Segment Start: RAW DATA

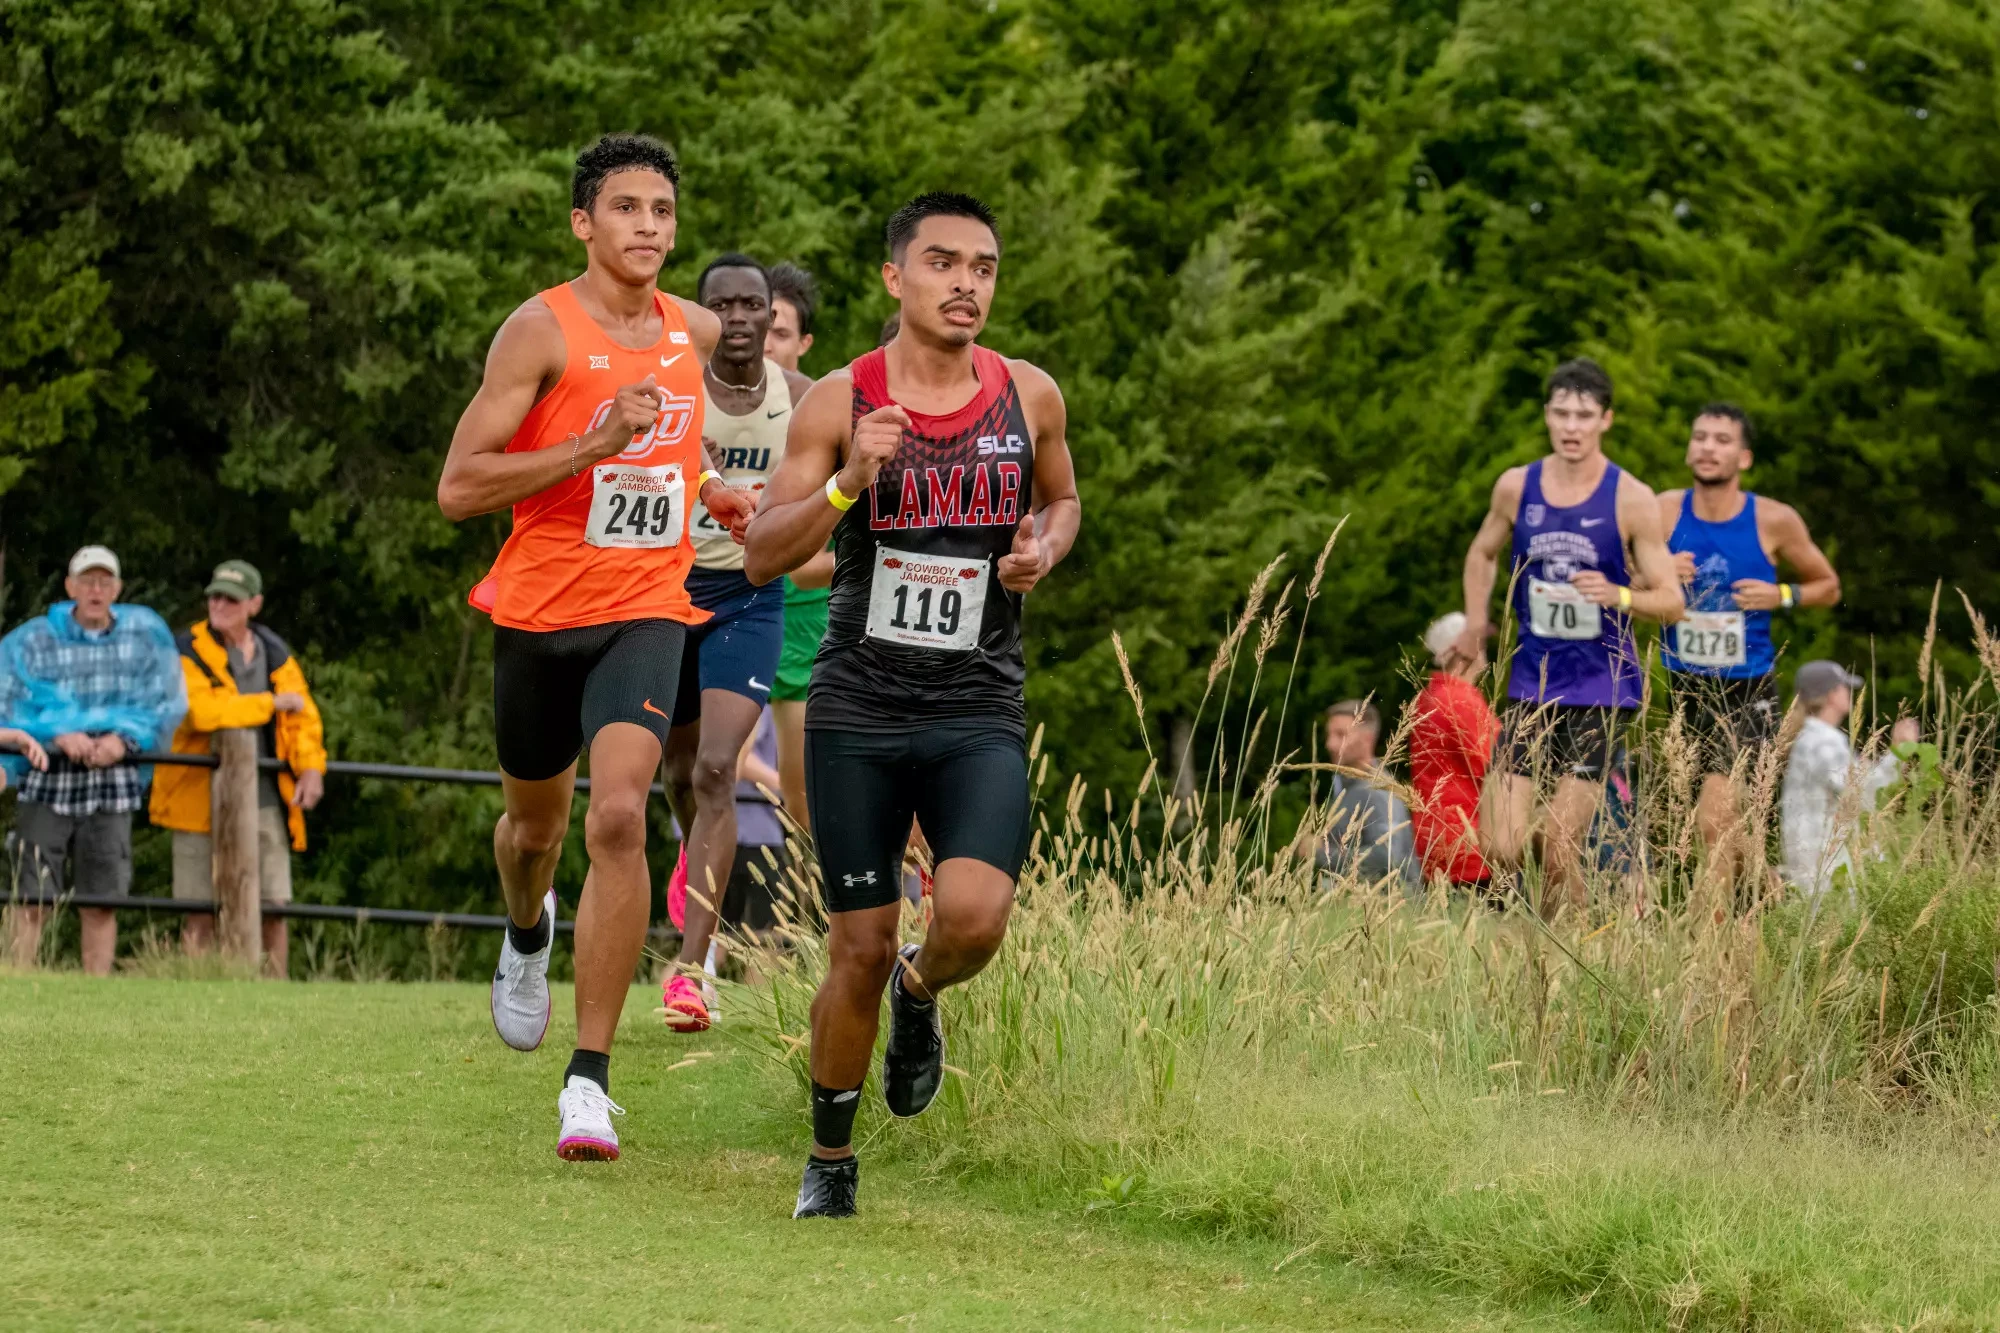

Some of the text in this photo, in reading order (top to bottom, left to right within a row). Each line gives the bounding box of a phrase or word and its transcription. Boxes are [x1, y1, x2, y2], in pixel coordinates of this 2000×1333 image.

[977, 434, 1022, 455] SLC
[721, 447, 771, 471] RU
[615, 482, 667, 493] JAMBOREE
[620, 473, 663, 484] COWBOY
[869, 461, 1021, 531] LAMAR
[604, 493, 670, 536] 249
[899, 571, 958, 587] JAMBOREE
[905, 562, 955, 576] COWBOY
[889, 584, 962, 636] 119
[1547, 602, 1576, 629] 70
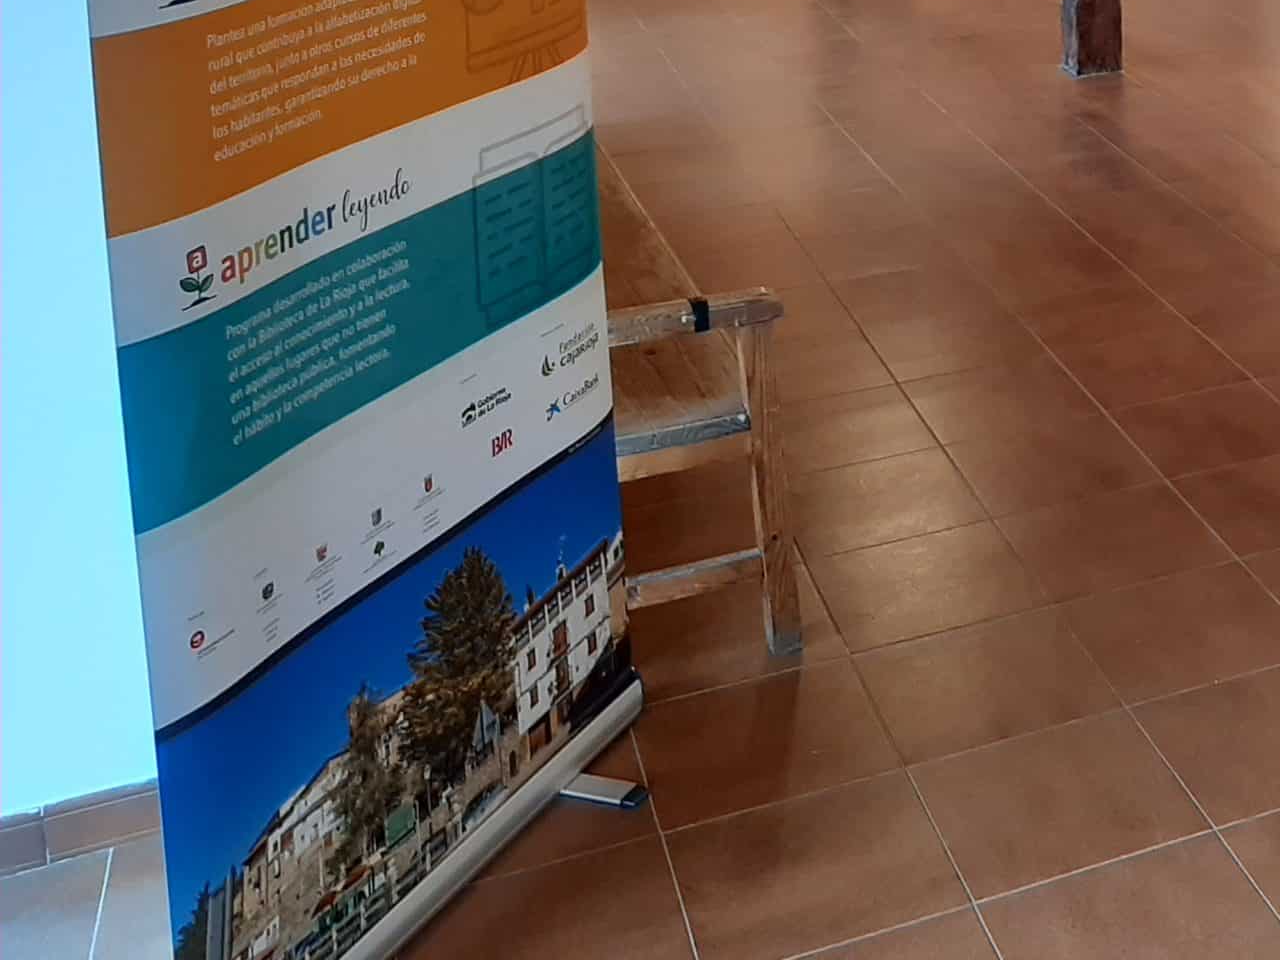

Segment End: RAW DATA

Please give all of the material again, exactly, without the images.

**RESULT FOR THIS EXERCISE**
Some of the text in this photo, in reading order (top to bottom, left to right within a row). Each line gives the bounding box of a phrase or word and its transcription. Boxes are [x1, y1, x2, y2], in pixel coordinates of this 2000×1333 image.

[977, 434, 1022, 455] SLC
[721, 447, 771, 471] RU
[615, 482, 667, 493] JAMBOREE
[620, 473, 663, 484] COWBOY
[869, 461, 1021, 531] LAMAR
[604, 493, 670, 536] 249
[899, 571, 958, 587] JAMBOREE
[905, 562, 955, 576] COWBOY
[889, 584, 962, 636] 119
[1547, 602, 1576, 629] 70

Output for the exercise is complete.